_What to produce_
Would you transcribe each entry precisely as it stands, setting aside any images?

[Referring expression grounding data]
▼

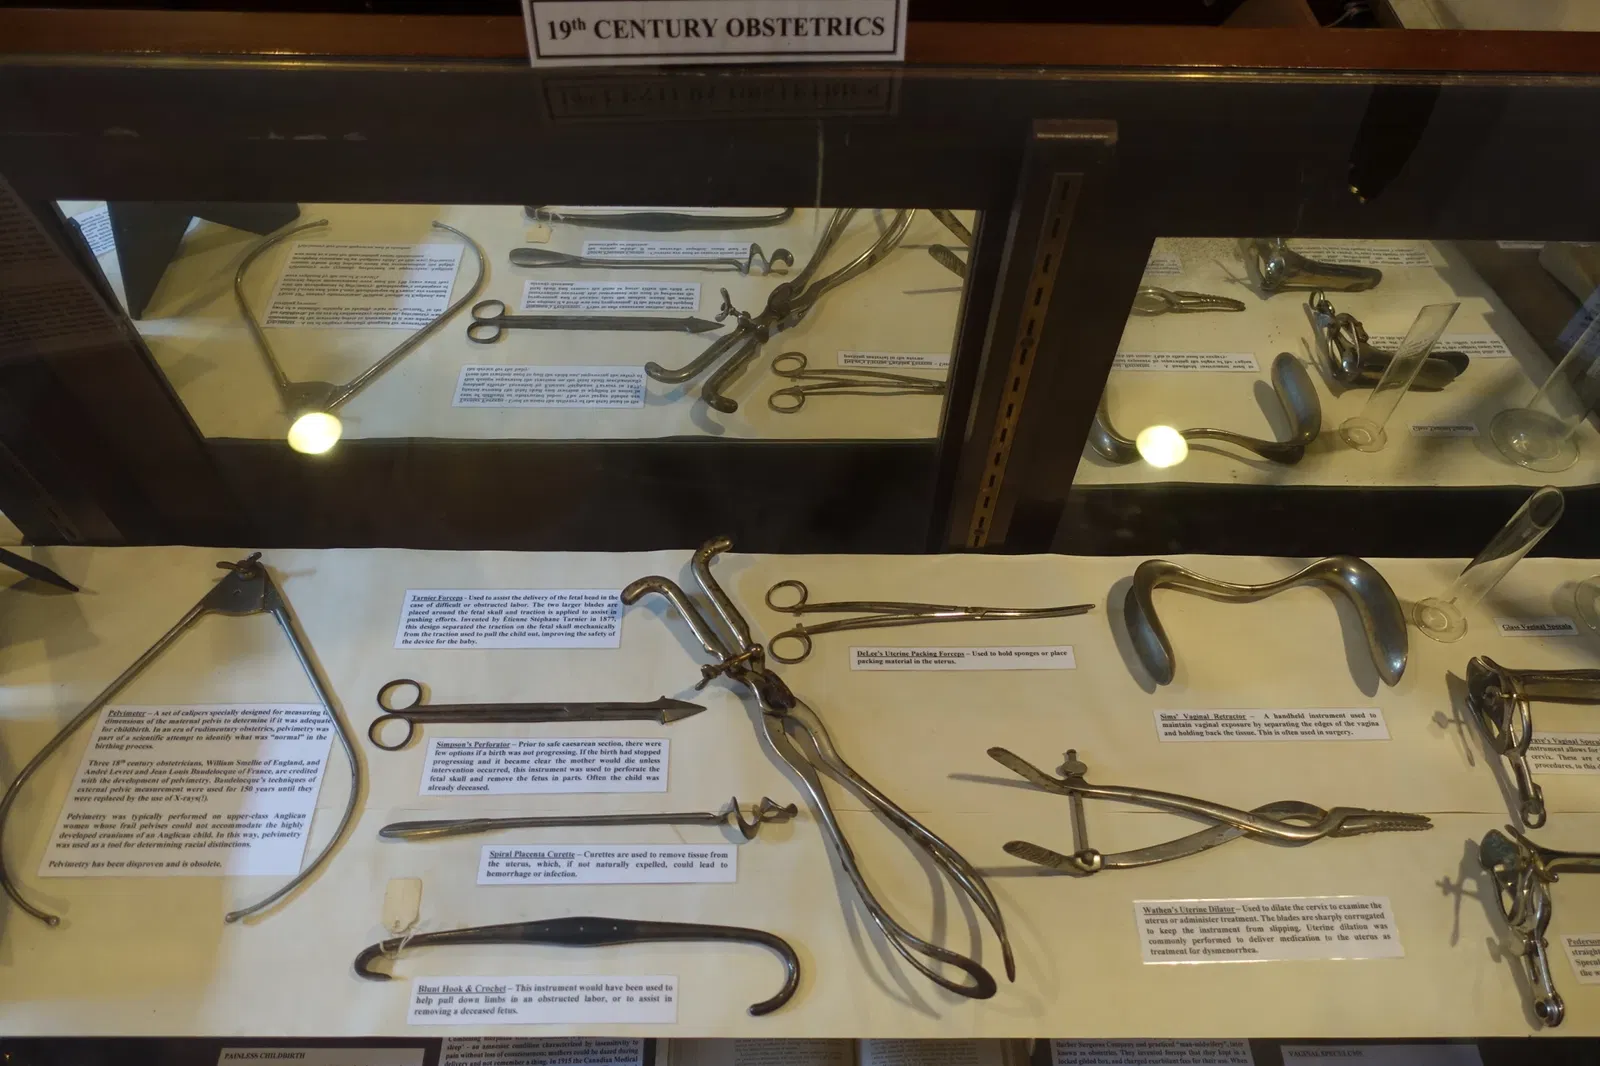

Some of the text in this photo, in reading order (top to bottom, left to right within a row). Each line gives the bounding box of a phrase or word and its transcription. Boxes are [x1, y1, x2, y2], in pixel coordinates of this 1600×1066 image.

[547, 16, 885, 40] 19th CENTURY OBSTETRICS
[180, 710, 209, 718] calipers
[125, 760, 155, 768] century
[489, 851, 512, 859] Spiral
[486, 870, 531, 879] hemorrhage
[1142, 905, 1178, 914] Wathen's
[1179, 905, 1207, 913] Uterine
[1208, 904, 1234, 912] Dilator
[1270, 903, 1291, 911] dilate
[1305, 902, 1328, 910] cervix
[1338, 902, 1369, 910] examine
[418, 984, 440, 993] Blunt
[441, 984, 463, 992] Hook
[474, 984, 506, 992] Crochet
[515, 984, 532, 992] This
[533, 984, 577, 992] instrument
[579, 984, 603, 992] would
[604, 984, 623, 992] have
[625, 984, 643, 992] been
[645, 984, 663, 992] used
[664, 984, 673, 992] to
[414, 1007, 451, 1017] removing
[460, 1007, 495, 1015] deceased
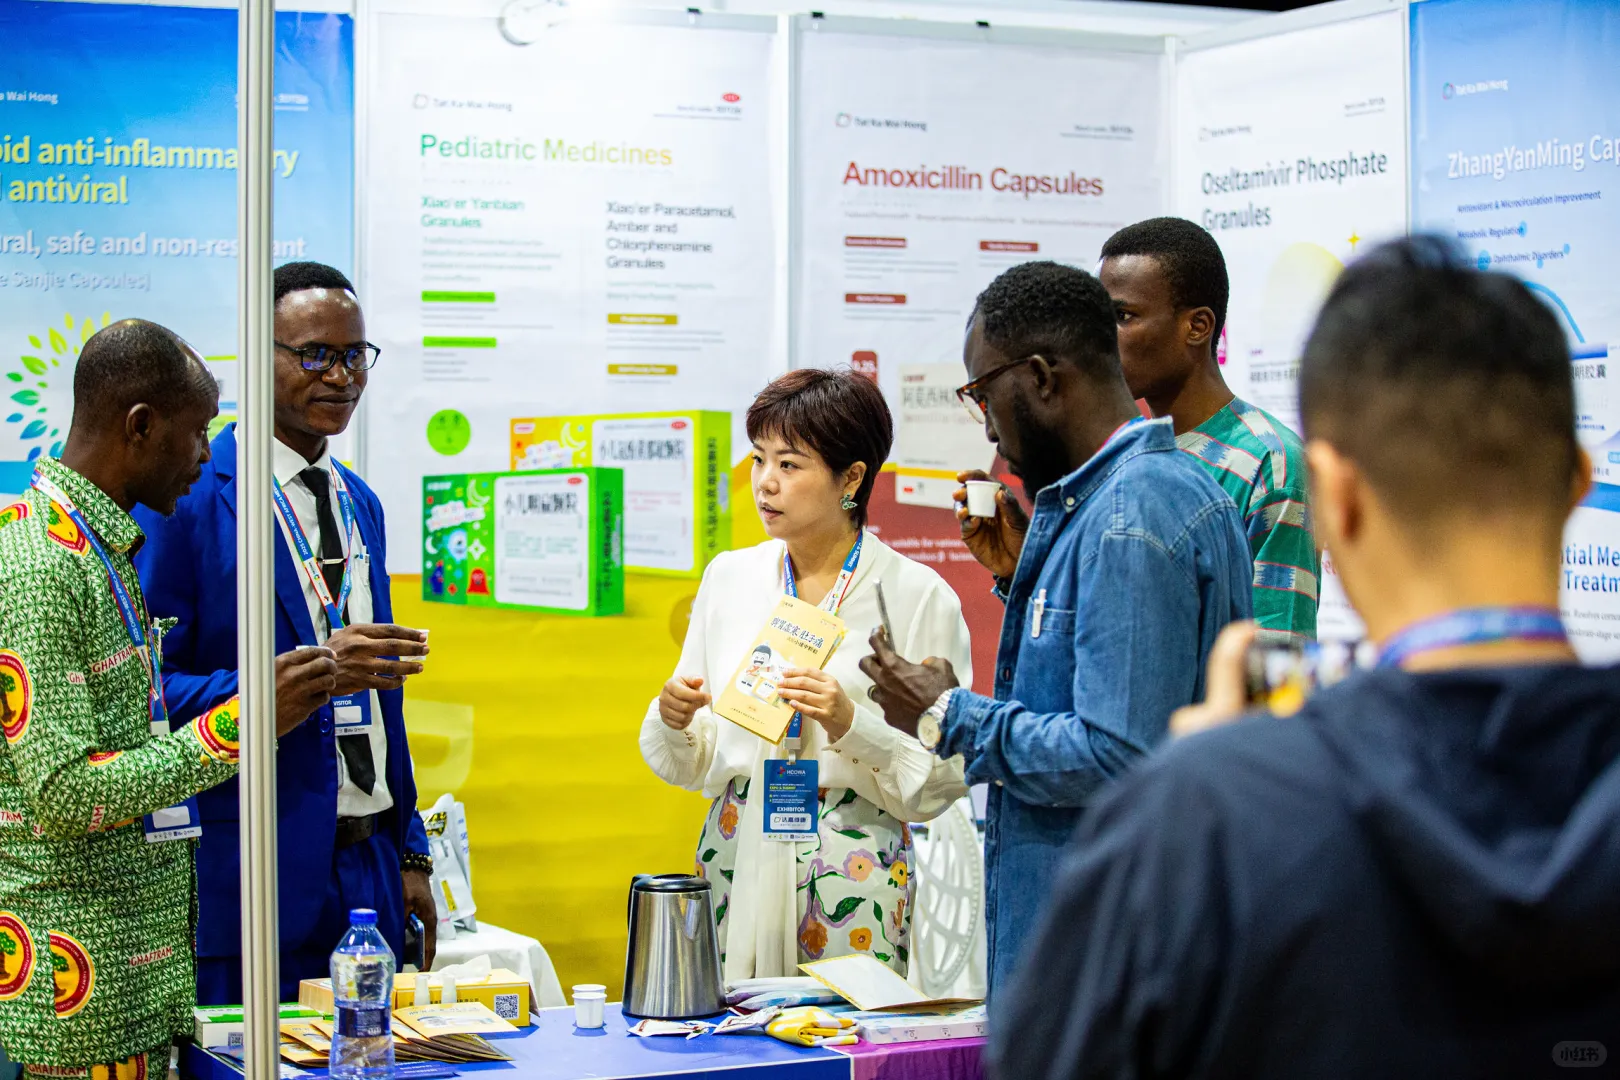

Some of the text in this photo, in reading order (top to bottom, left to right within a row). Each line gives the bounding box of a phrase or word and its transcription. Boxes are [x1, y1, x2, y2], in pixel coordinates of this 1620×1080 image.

[7, 92, 26, 101] Wai
[29, 92, 58, 104] Hong
[421, 133, 673, 166] Pediatric Medicines
[1448, 138, 1585, 181] ZhangYanMing
[843, 161, 1104, 199] Amoxicillin Capsules
[1201, 151, 1387, 195] Oseltamivir Phosphate
[9, 175, 128, 204] antiviral
[421, 214, 482, 228] Granules
[654, 222, 678, 234] and
[1203, 201, 1271, 231] Granules
[46, 230, 97, 254] safe
[100, 232, 147, 255] and
[606, 255, 666, 270] Granules

▲

_Solution for this problem_
Some of the text in this photo, in reading order (top to bottom, left to right within a row). Each line gives the bounding box of a phrase or word and its transcription. Boxes are [x1, y1, x2, y2], in pixel coordinates of this 1600×1066 image.

[547, 16, 885, 40] 19th CENTURY OBSTETRICS
[180, 710, 209, 718] calipers
[125, 760, 155, 768] century
[489, 851, 512, 859] Spiral
[486, 870, 531, 879] hemorrhage
[1142, 905, 1178, 914] Wathen's
[1179, 905, 1207, 913] Uterine
[1208, 904, 1234, 912] Dilator
[1270, 903, 1291, 911] dilate
[1305, 902, 1328, 910] cervix
[1338, 902, 1369, 910] examine
[418, 984, 440, 993] Blunt
[441, 984, 463, 992] Hook
[474, 984, 506, 992] Crochet
[515, 984, 532, 992] This
[533, 984, 577, 992] instrument
[579, 984, 603, 992] would
[604, 984, 623, 992] have
[625, 984, 643, 992] been
[645, 984, 663, 992] used
[664, 984, 673, 992] to
[414, 1007, 451, 1017] removing
[460, 1007, 495, 1015] deceased

Some of the text in this photo, in reading order (top to bottom, left to right within a row). Each line gives the bounding box of a phrase or word and its transcription. Boxes are [x1, y1, x2, y2], in pixel coordinates of this 1620×1080 image.

[7, 92, 26, 101] Wai
[29, 92, 58, 104] Hong
[421, 133, 673, 166] Pediatric Medicines
[1448, 138, 1585, 181] ZhangYanMing
[843, 161, 1104, 199] Amoxicillin Capsules
[1201, 151, 1387, 195] Oseltamivir Phosphate
[9, 175, 128, 204] antiviral
[421, 214, 482, 228] Granules
[654, 222, 678, 234] and
[1203, 201, 1271, 231] Granules
[46, 230, 97, 254] safe
[100, 232, 147, 255] and
[606, 255, 666, 270] Granules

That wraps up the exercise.